With the pace and tension of a psychological thriller, Crawford revisits these events both through the eyes of the fifteen-year-old and with new adult insight. She details the mental and physical anguish of the assault and its traumatic aftereffects. By showing St. Paul’s as a microcosm of society, Crawford reveals the underlining mechanisms that permit systemic abuse of power.
Notes on a Silencing is a gripping and powerful memoir, one that will stay with you long after you finish reading it.

A few quotes:

“The simplest way I can tell the story of my assault is to describe how the boys made me feel I was no longer a person. The first violation was erasure.”

“In bearing witness, we’re trying to correct a theft of power via a story. But power and stories, while deeply interconnected, are not the same things. One is rock, the other is water. Over time, long periods of time, water always wins.”

“If one of the great sources of misery for all high schoolers is the illusion that high school will never end, the reach of power implied (and wielded) by the alumni and trustees of St. Paul’s School threatened that in our particular case, that nightmare was real.”

“We were people on this earth. This life was all we had. It was all we fucking had, and life, my life, could not be determined by cruelty like this. It could not be allowed to stand.”

“If the first violation of the boys who assaulted me was the way they made me feel erased, it was exactly this injury that the school repeated, and magnified, when it created its own story of the assault. This time the erasure was committed by men whose power over me was socially conferred rather than physically wielded, by men who—some of them—had never ever been in a room with me. They still never have.”

“I did not want to write it because it should not matter, but of course it does, because a girl who is attacked will so often assume the fault lies with her. There is no escaping a primal culpability.”

“When the boys did what they did to me, they denied the third person on that bed. I had no humanity. The impact of this violation only sharpened with time. My careful distinctions of injury and responsibility—the difference I imagined between what they did and rape, between terrible things you should put behind you and truly hellish things no one would expect you to bear—allowed me, for many years, to restore that third person in the room in my mind.”

“I recognized the school’s act, of course. Its precise cruelty, the fanged transformation of private pain into public shame, turned a key in me.”

“Why now?’”A typically defensive question, and I could dismiss it for its insinuation that I had some underhanded motive whose tell was my delay in availing myself of the criminal justice system.

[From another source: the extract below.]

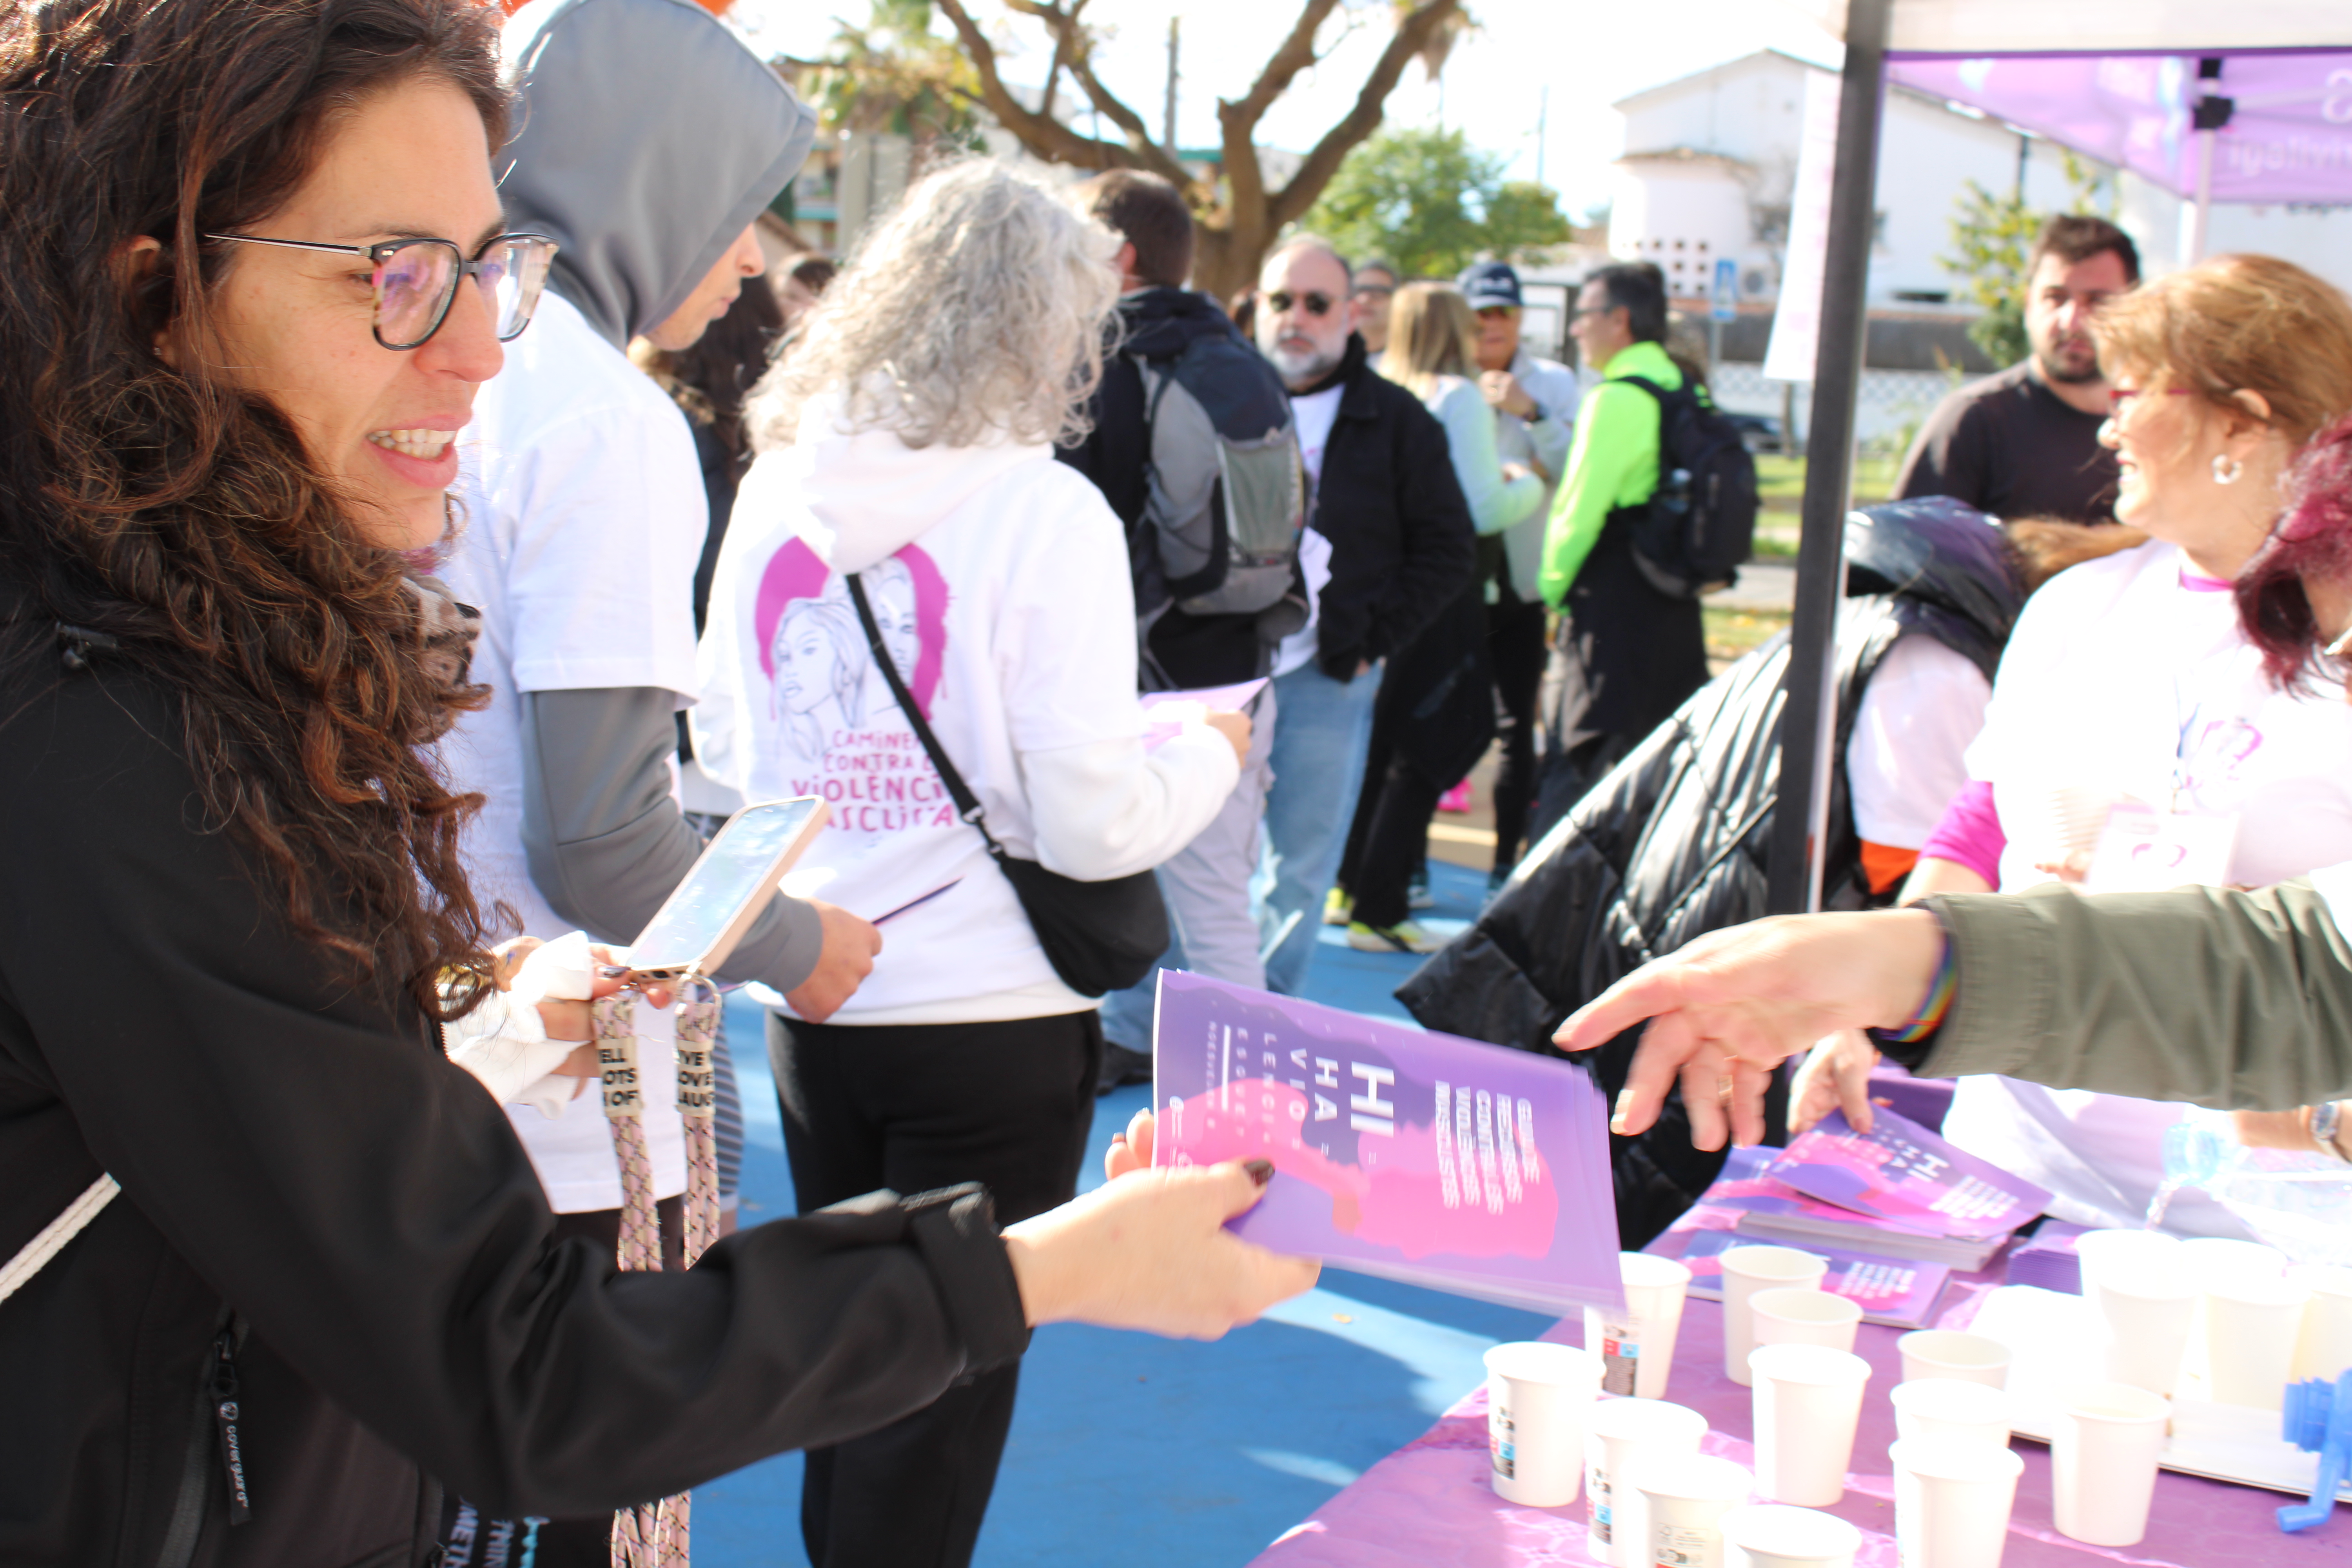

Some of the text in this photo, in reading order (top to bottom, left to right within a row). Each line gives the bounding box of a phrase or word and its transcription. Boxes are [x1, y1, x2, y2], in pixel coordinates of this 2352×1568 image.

[823, 753, 914, 772] CONTRA
[1315, 1056, 1339, 1122] HA
[1351, 1060, 1395, 1138] HI

I’m not sure what motive that would have been—I wasn’t suing, wasn’t pressing charges. But that wasn’t the point of the question. The question tries to portray the victim as the predator, the one with a clever plan. It aims to throw the whole circumstance on its head.”

“The work of telling is essential, and it is not enough. There is always the danger that the energy of the injustice will exhaust itself in the revelation—that we will be horrified but remain unchanged. The reason for this, I suspect, is that these are stories we all already know. A girl was assaulted. A boy was molested. The producer, the judge, the bishop, the boss. To hear these stories spoken aloud is jarring, but not because it causes us to reconsider who we are and how we are organized. It is only when power is threatened that power responds.”

“It’s so simple, what happened at St. Paul’s. It happens all the time.
First, they refused to believe me. Then they shamed me. Then they silenced me. On balance, if this is a girl’s trajectory from dignity to disappearance, I say it is better to be a slut than to be silent. I believe, in fact, that the slur slut carries within it, Trojan-horse style, silence as its true intent. That the opposite of slut is not virtue but voice.”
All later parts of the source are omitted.